World

Donald Trump is behaving like a guilty man

A former chair of the US National Intelligence Council explains what Mueller could have on Trump—and why it matters

December 05, 2017
US President Donald Trump. Photo: PA
US President Donald Trump. Photo: PA

The United States is heading for a constitutional crisis that will be the greatest test of its institutions since the Civil War. The test will be whether the Republicans have the honesty to force President Trump, and also Vice President Pence, to resign under the shadow of impeachment. On current form, it looks like they will fail that test.

How did we Americans get to this pass? It came as little surprise that Michael Flynn, the former National Security Adviser, was indicted for lying to the FBI. Indeed, he was fired, ostensibly, for lying to the vice president. So Flynn-as-liar was hardly news. Nor was it news that a gaggle of Trump campaign and transition aides had met with the Russians, then lied about their meetings. If lying about meetings with the Russians were a disqualification from office, the Trump administration would be even more depopulated than it is.

Nor was it a surprise that those meetings ranged from sanctions relief for Moscow, to dirt on Hillary Clinton. Almost all of them were technically illegal, a violation of the Logan Act, which prohibits private citizens from engaging in their own foreign policy. Trouble is, the Logan Act has never been successfully applied to anyone. In today’s Kardashian America, it looks almost quaint.

Flynn was once a decent intelligence officer, but his behaviour has on occasion lurched towards the Trumpian. In 2010, he wrote a critique of allied intelligence in Afghanistan, which, unusually, he published openly through a Washington foundation. I found it impressive until a colleague pointed out that he had been the allies’ J-2, or head of intelligence, in Afghanistan at the time. So, rather than critiquing after the fact, why didn’t he try to correct when he was in charge? Like Trump, he did everything except take responsibility.

In 2012, FLynn was appointed director of the Defense Intelligence Agency. As DIA director, he set in motion a carousel of reorganisation and chaos, unusual even for DIA, which has suffered more than its share of directors who seek to signify their intent in that most Washingtonian of ways—by reorganising. His tenure was such a failure that, in 2014, the director of national intelligence, James Clapper, and the then-secretary of defense, Robert Gates, had to fire him.

The special investigator, Robert Mueller, has played the classic prosecutor’s game: picking off the most vulnerable and strong-arming them into cooperation. Defending himself would have bankrupted Flynn, especially since his erstwhile friend, Trump, had pointedly told his lawyers to make clear that the president wasn’t going to raise a dime for his defense.

The crucial question is: who was sanctioning, perhaps encouraging, Flynn to consort with the Russians?

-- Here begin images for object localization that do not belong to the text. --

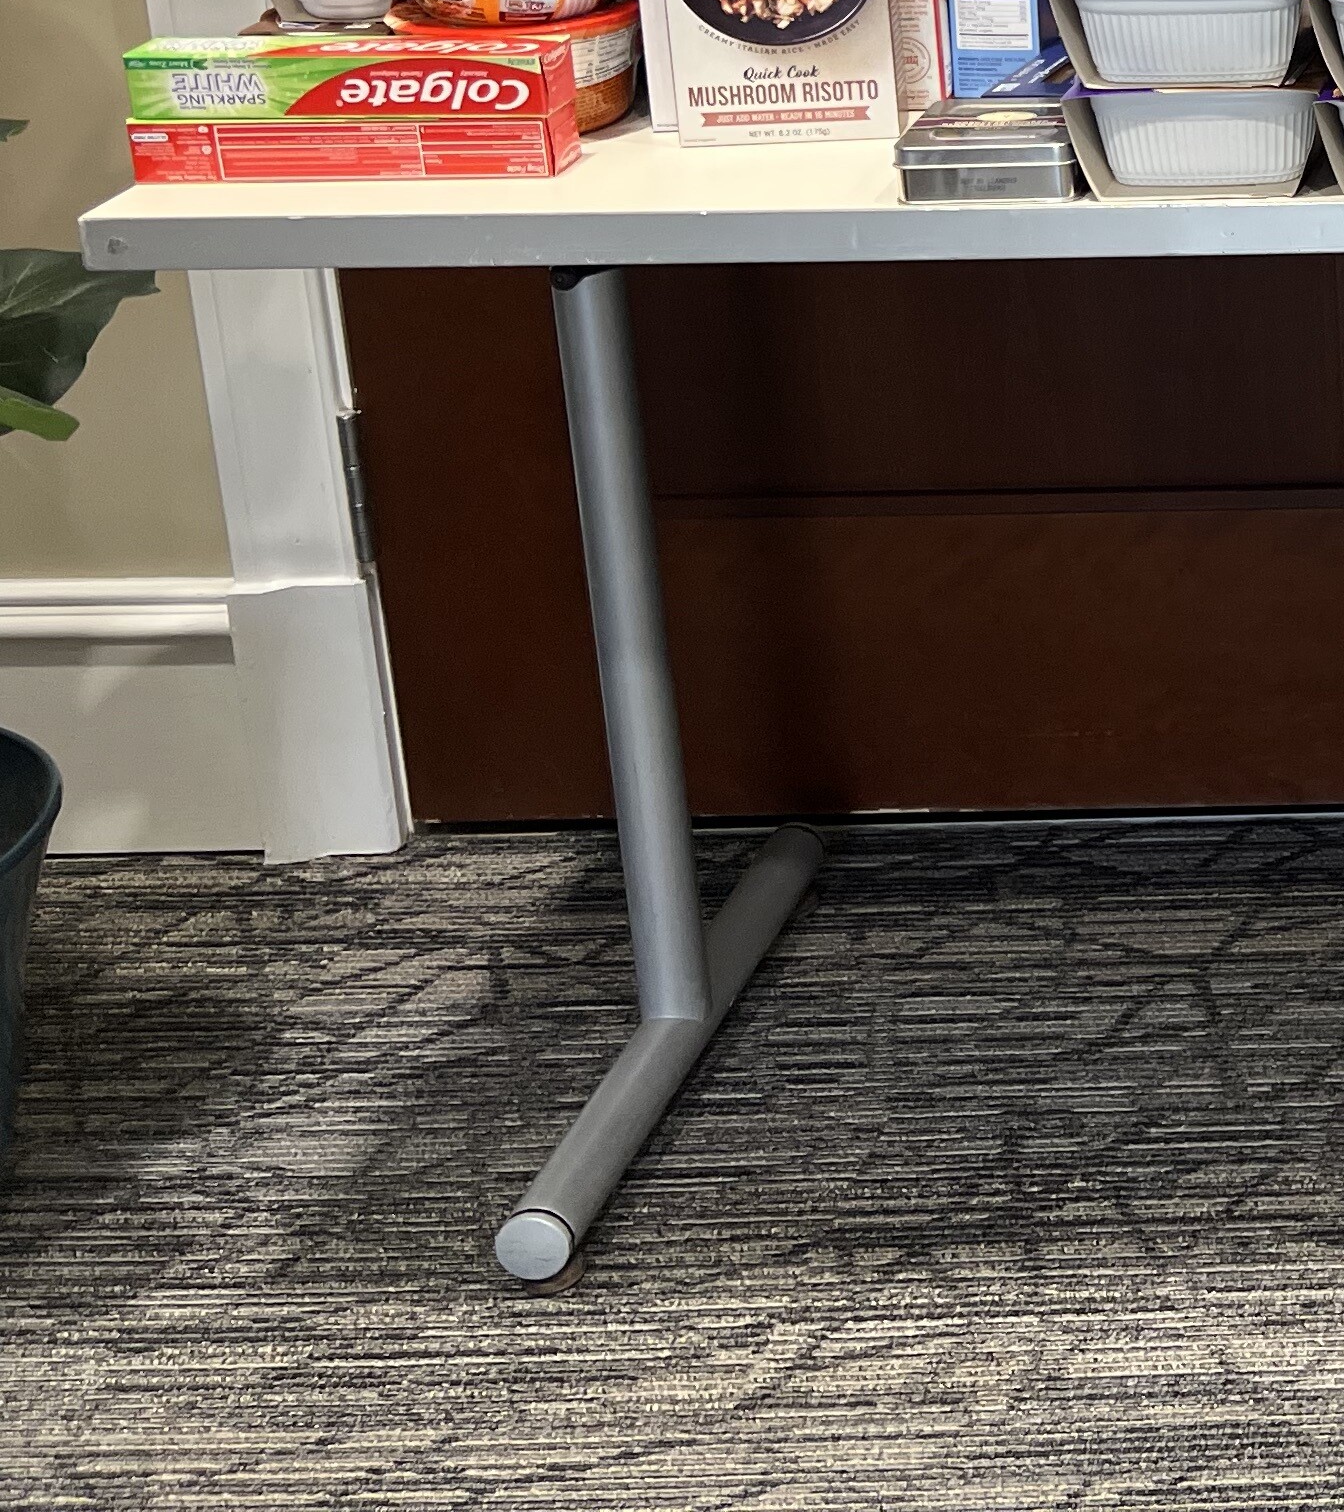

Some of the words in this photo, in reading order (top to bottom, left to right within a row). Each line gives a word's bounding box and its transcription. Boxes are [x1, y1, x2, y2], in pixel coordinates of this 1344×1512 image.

[698, 24, 735, 48] CREAMY
[737, 43, 778, 55] ITALIAN
[171, 73, 265, 93] WHITE
[743, 67, 782, 81] Quick
[787, 64, 821, 79] Cook
[178, 92, 266, 106] SPARKLING
[335, 71, 531, 111] Colgate
[688, 85, 796, 107] MUSHROOM
[803, 79, 879, 102] RISOTTO
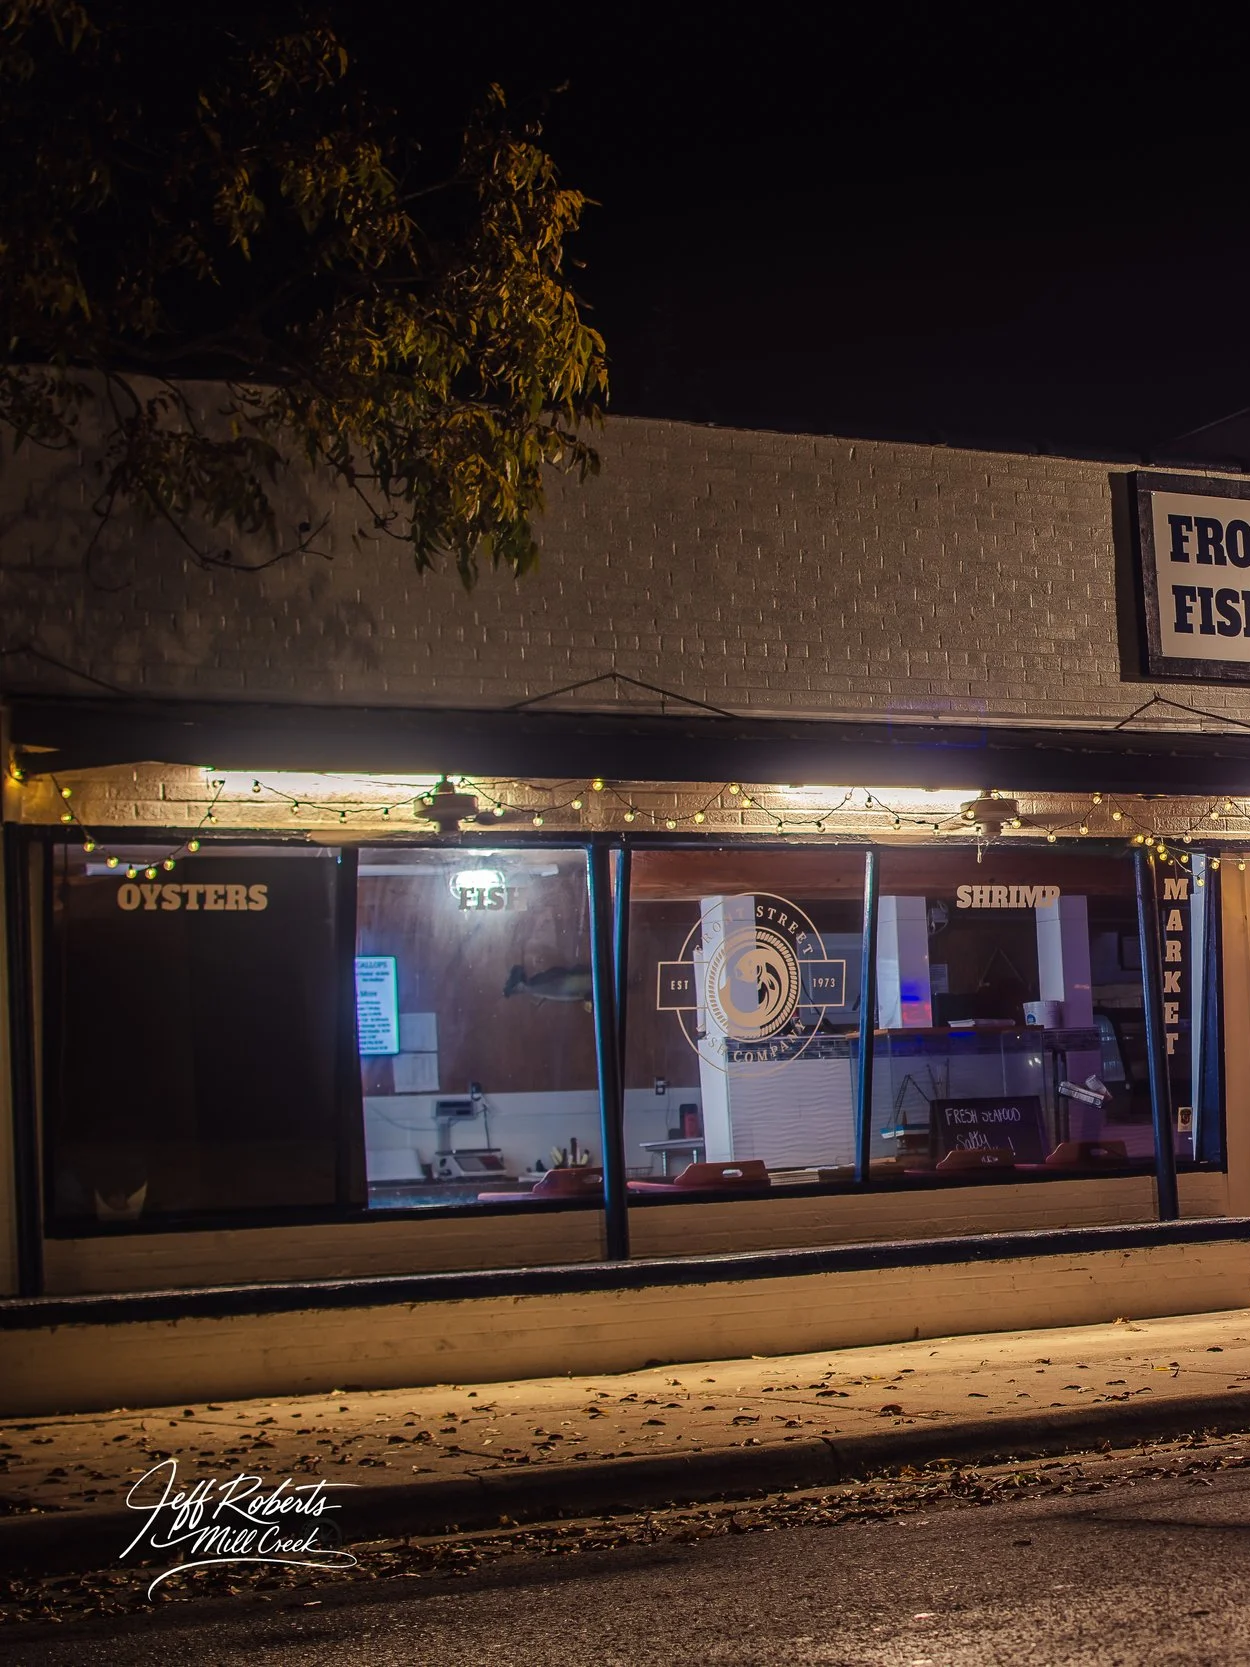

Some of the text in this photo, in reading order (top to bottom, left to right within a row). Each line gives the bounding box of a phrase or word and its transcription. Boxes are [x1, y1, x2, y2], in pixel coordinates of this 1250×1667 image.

[117, 884, 268, 911] OYSTERS
[459, 887, 528, 911] FISH
[956, 885, 1060, 908] SHRIMP
[756, 905, 814, 956] STREET
[1163, 878, 1189, 1055] MARKET
[670, 980, 689, 990] EST
[813, 978, 836, 988] 1973
[733, 1018, 807, 1063] COMPANY
[945, 1107, 979, 1126] FRESH
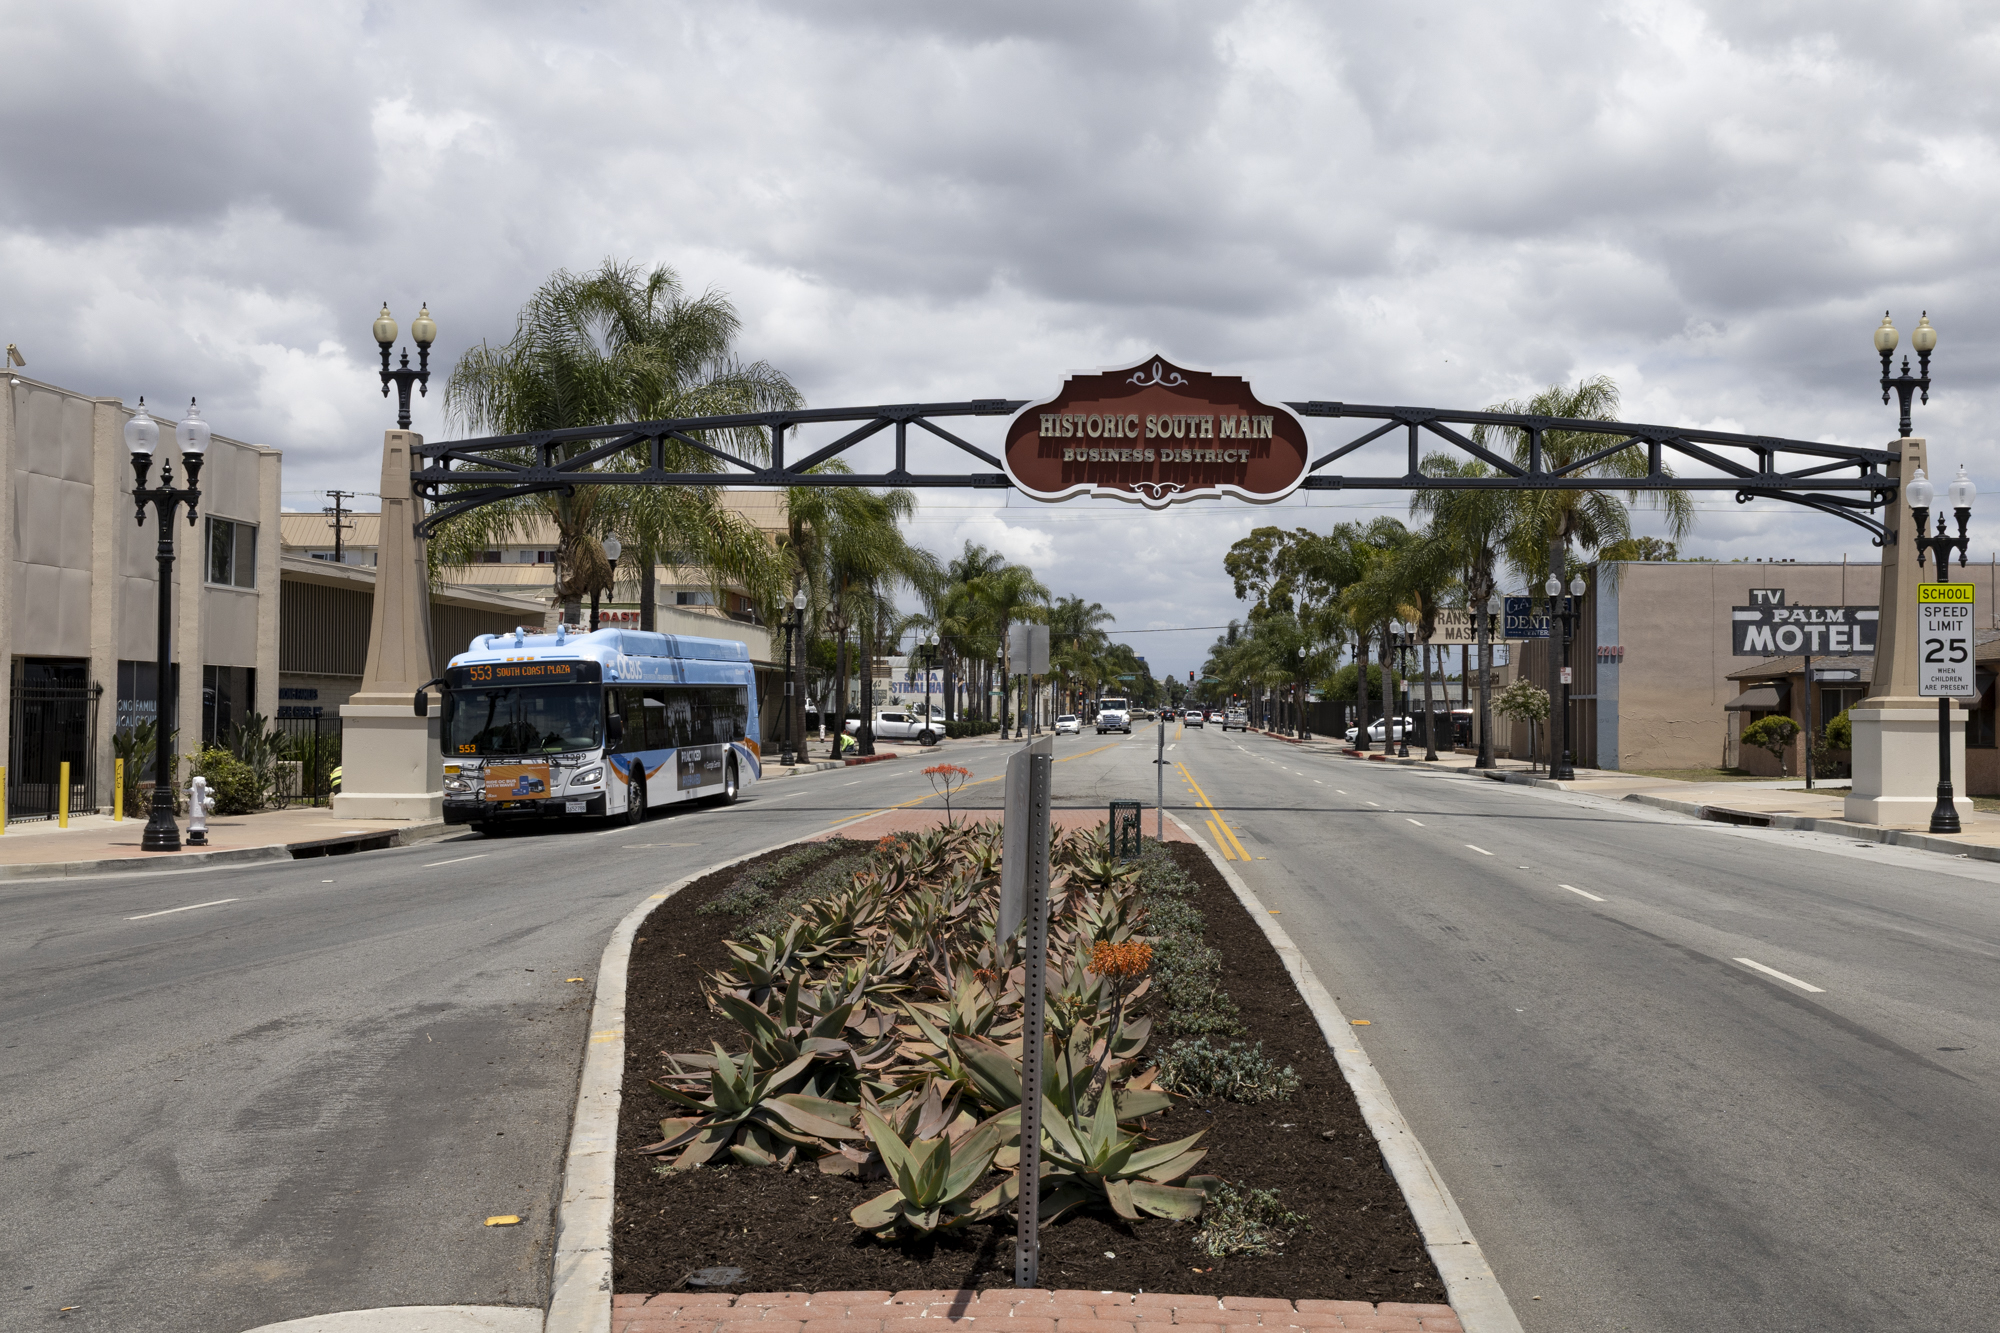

The current fall girl, KT McFarland, is surely not the one—she after all was Flynn’s deputy at the time, and could hardly have directed her own boss. So Jared Kushner, the president’s son-in-law, becomes the likely suspect.

On current form, and knowing Mueller’s tenacity, I think it will emerge that Trump and Pence knew of, perhaps even encouraged, Flynn’s dalliance with Moscow. But then what? The president would stand accused of something like treason, but not be guilty of any punishable crime. In comparison, Nixon was found to have known of and encouraged a clear criminal act—breaking into Democratic headquarters at Watergate. Even then, though, impeachment was a political act, not a legal one. Its threat, one that induced the president to resign, depended on senior Republicans being prepared to countenance it.

This time around, no such gumption is visible. Republicans on Capitol Hill have proven themselves lickspittles to the president. Two of the principals in any resign-or-be-impeached scenario, Paul Ryan, the House Speaker, and Senator John McCain, benefit from a press that glorifies them in the spirit of even-handedness. But Ryan has been more than happy to cosy up to Trump, while McCain, perhaps the most overrated person in Washington, seems determined to fall in with the president, on taxes for instance, even on his death-bed.

During the transition, the president stayed loyal to Flynn despite warnings from, first, President Obama and then Sally Yates, the acting attorney general. Trump continues to protest too much about his involvement with Flynn and his own contacts with Russians. He is behaving like a man who is guilty. I have long suspected that the Russians have something on him, as the famous Steele dossier suggests.

But even if that proves to be the case, past sexual hijinks, even on film courtesy of the Russian KGB, seem like something Trump could turn into a plus in his reality show presidency. And we know his supporters, including evangelicals who call themselves “Christian,” will forgive him anything. But there is something more there. And I’m betting Mueller will find it. Fasten your seatbelts.